Some of the companies more extravagant perks include lunches made by a professional chef, massages, yoga classes, haircuts, acupuncture and improv classes. Some larger companies have even stretched to include a college scholarship program for employee’s children. Smaller companies have gotten creative by offering vacation expense reimbursement, free books and free lunch on Fridays. In another survey of small businesses conducted by Fractl, analysts found that after health insurance, employees value flexible hours, more paid vacation and options to work from home.
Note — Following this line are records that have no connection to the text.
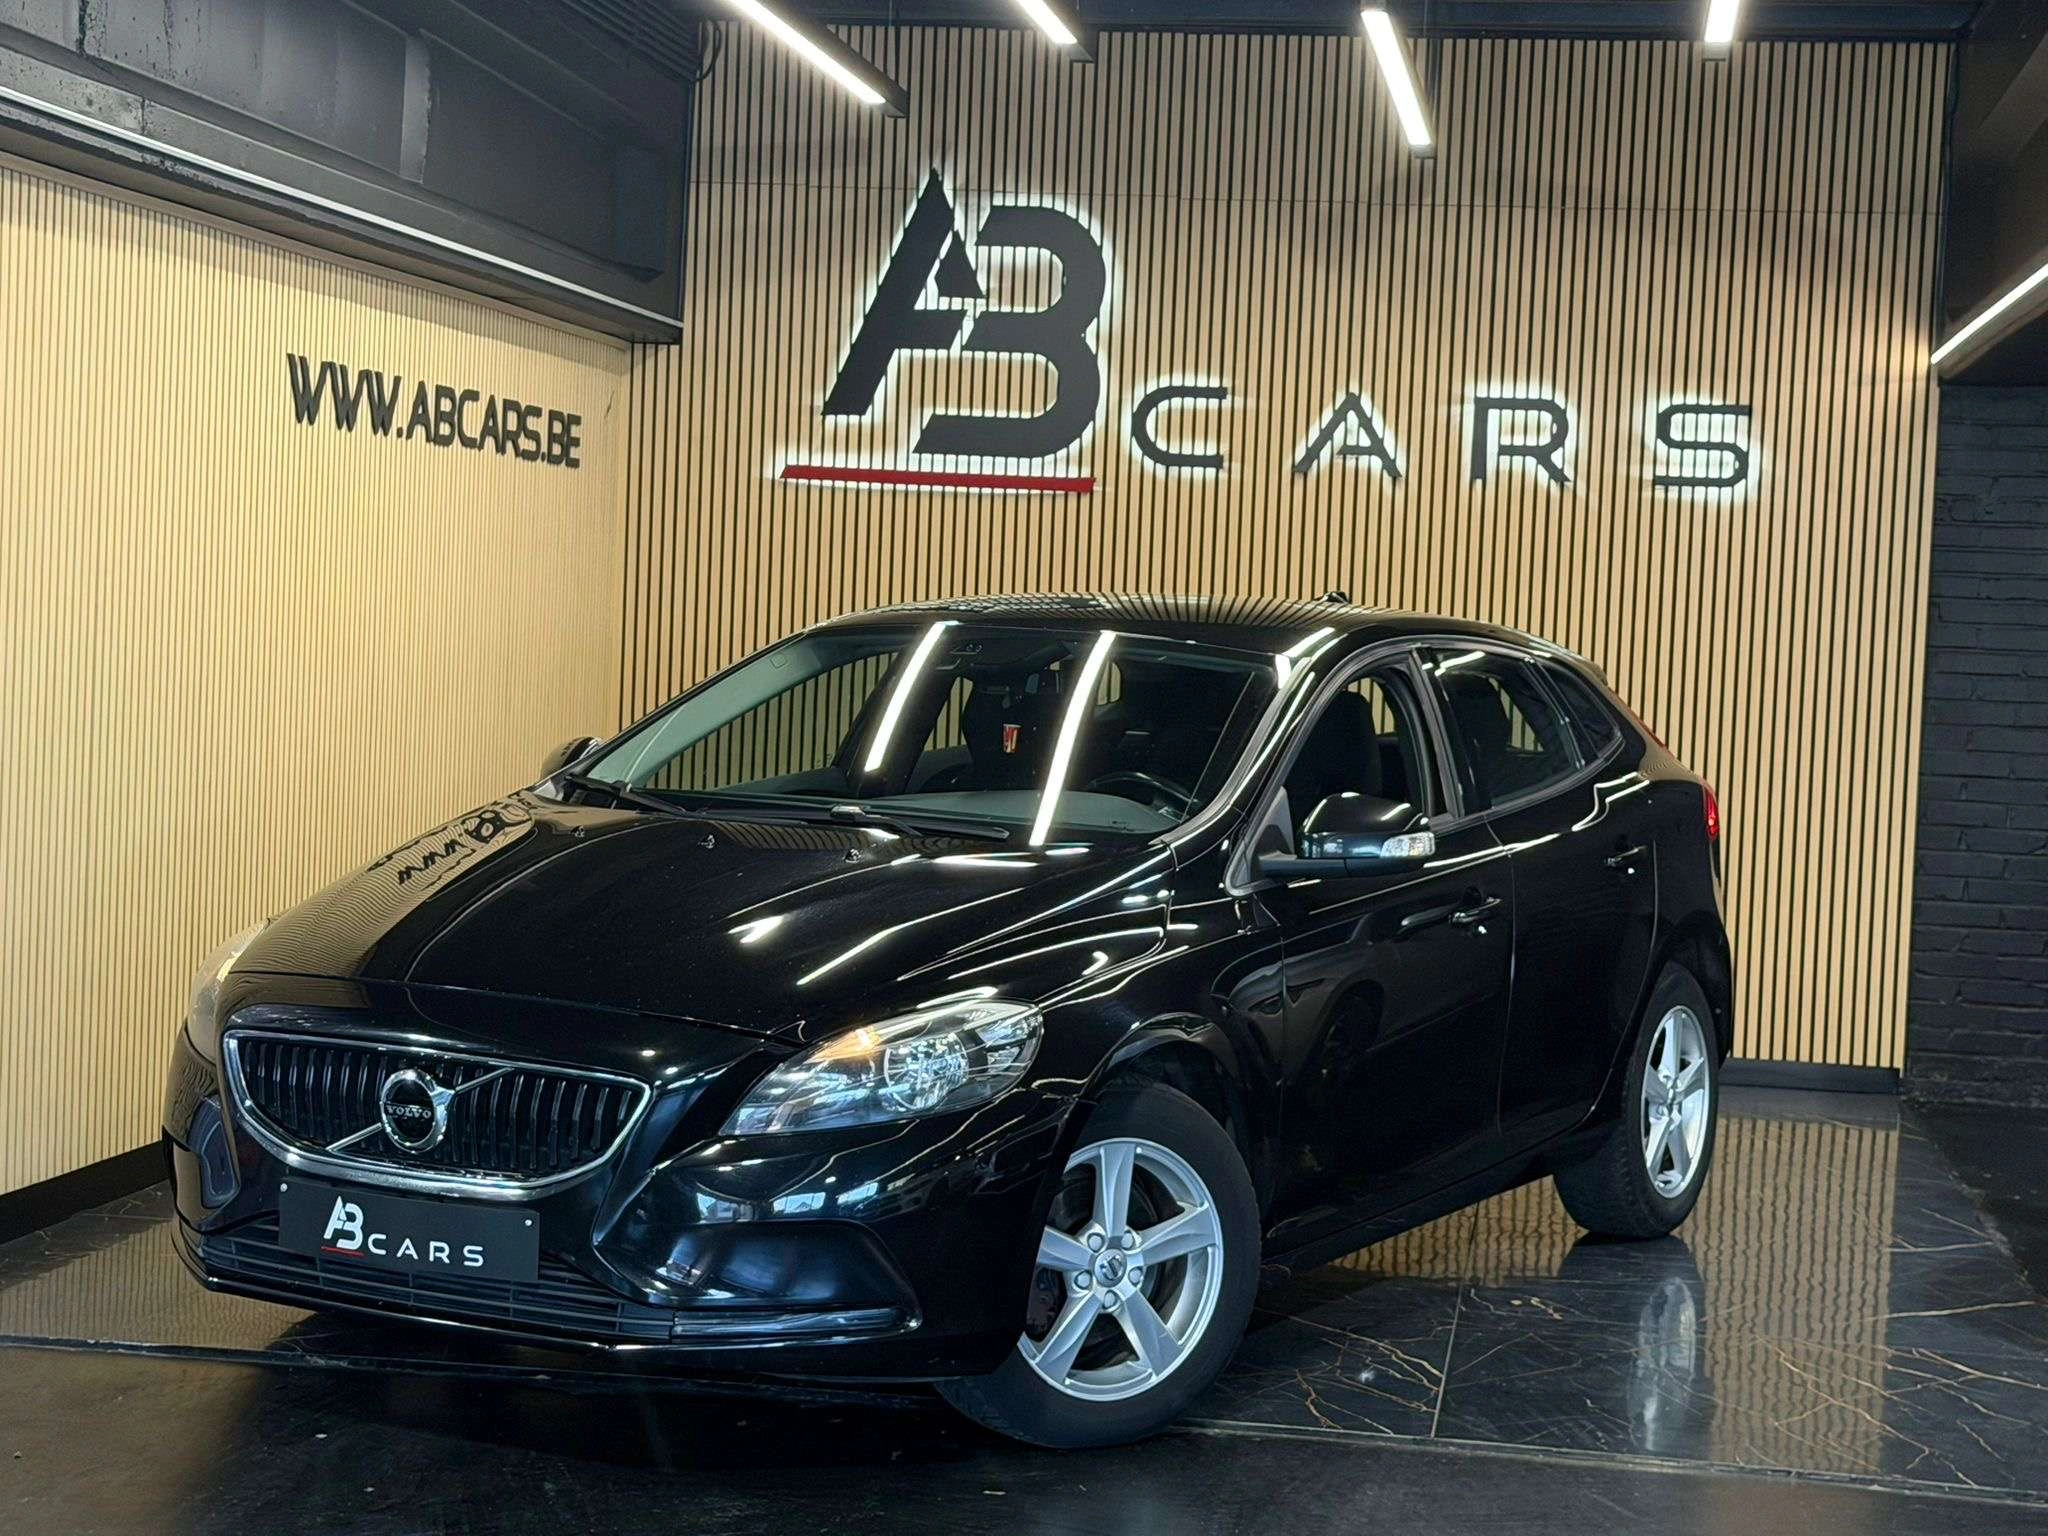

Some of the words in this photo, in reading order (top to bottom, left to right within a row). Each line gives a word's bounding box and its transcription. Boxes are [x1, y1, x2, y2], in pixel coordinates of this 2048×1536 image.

[821, 168, 1107, 457] AB
[1131, 386, 1752, 488] CARS
[287, 352, 582, 468] WWW.ABCARS.BE
[386, 1104, 432, 1119] VOLVO
[324, 1196, 363, 1250] AB
[367, 1233, 484, 1267] CARS
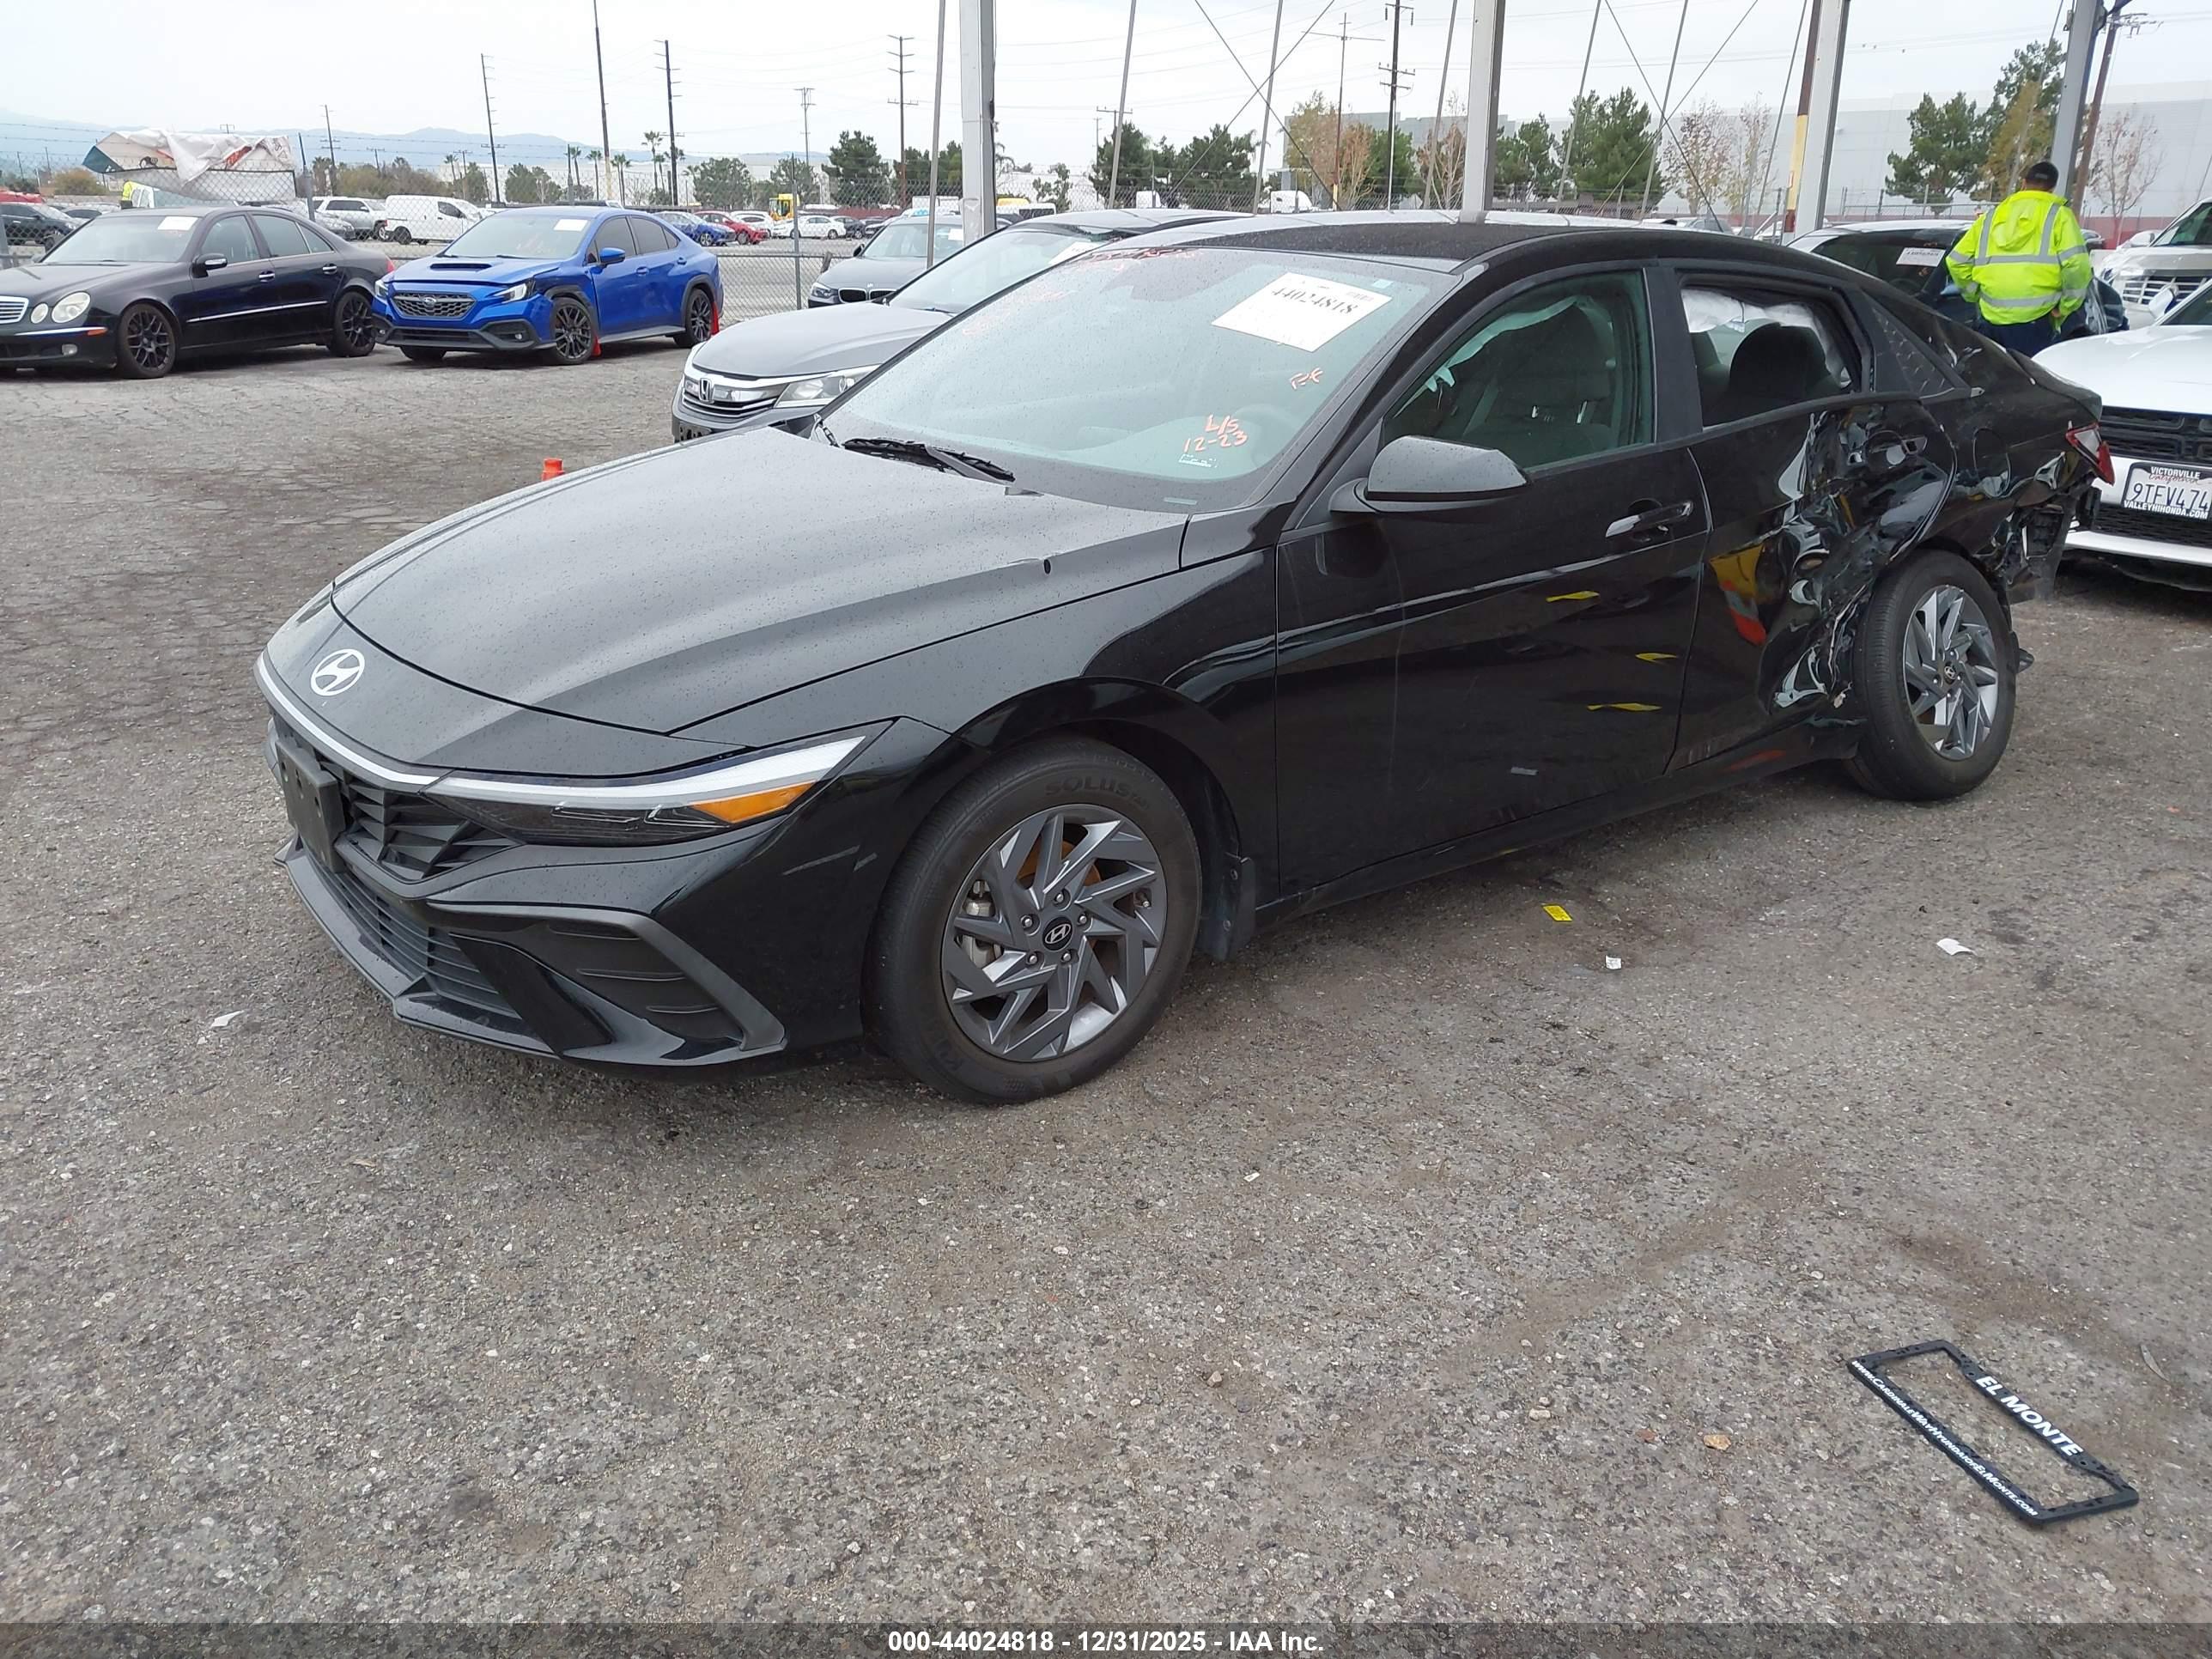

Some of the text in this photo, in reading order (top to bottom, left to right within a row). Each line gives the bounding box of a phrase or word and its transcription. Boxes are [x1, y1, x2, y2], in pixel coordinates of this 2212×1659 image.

[1271, 287, 1358, 313] 44024818
[1183, 430, 1249, 453] 12-23
[2150, 466, 2201, 480] VICTORVILLE
[2133, 483, 2209, 511] 9TFV474
[2123, 500, 2209, 520] VALLEYHIHONDA.COM
[1045, 775, 1130, 797] SOLUS
[1976, 1376, 2084, 1456] EL MONTE
As part of the Fractl study, they gave 2,000 U.S. workers, ranging in age from 18 to 81, a list of benefits and asked them how they would rate them when deciding between a high-paying job and a lower-paying job with more perks. These findings are shown below:
Better health, dental, and vision insurance topped the list, with 88% of respondents saying that they would give this benefit “some consideration” (34%) or “heavy consideration” (54%) when choosing a job. Health insurance is the most expensive benefit that companies provide to their employees.
Second on the list reported that flexible hours, more vacation time, more work-from-home options, and unlimited vacation time could help give a lower-paying job an edge over a high-paying job with fewer benefits. The research also shows that flexibility and work-life balance ranks higher than salary and health insurance. Despite this trend, I was surprised to learn that American workers leave a huge amount of unused vacation time on the table. A huge liability results when the employee leaves the company and their employer must pay out that vacation time. Some companies have resorted to an “unlimited time-off” policy which can save the company about $1,898 per employee. The benefit had been offered mostly by smaller firms but in 2015, General Electric, the multi-billion-dollar company, announced a new policy that would effect 30,000 of their employees to no longer limit the number used on vacation, sick, and personal days(CNN.com). Currently only 1-2% of companies offer this benefit which makes them more attractive to job seekers.
Student loan and tuition assistance also ranked highly on the list of coveted benefits. A benefits survey from SHRM found that only 3% of companies currently offer student loan assistance, and 52% of companies provide graduate educational assistance. Although education assistance sounds costly, companies can take advantage of a tax break; and offer up to $5,250 per employee per year tax free.
Gender differences in benefits were also highlighted in the survey results below. More women (24%, and only 14% of men), were likely to prefer family benefits like paid parental leave and free day care services. Men valued team-bonding events, retreats, and free food over woman. The biggest variance between the value of what perks would sway them was work-from-home options, which women valued more, and actually the second best perk they valued over a high-paying job (55% women, and 40% men). Both genders valued fitness-related perks such a free fitness classes, gym memberships and onsite gyms.
Benefits that impacted lifestyle and finances were among the most coveted. This doesn’t mean that the benefits are valued by employees, but that the perks aren’t enough to make a candidate choose one job over the other. Research suggests that providing the right mix of benefits that are both inexpensive and highly sought can give companies looking to hire a competitive edge making them more attractive to job seekers.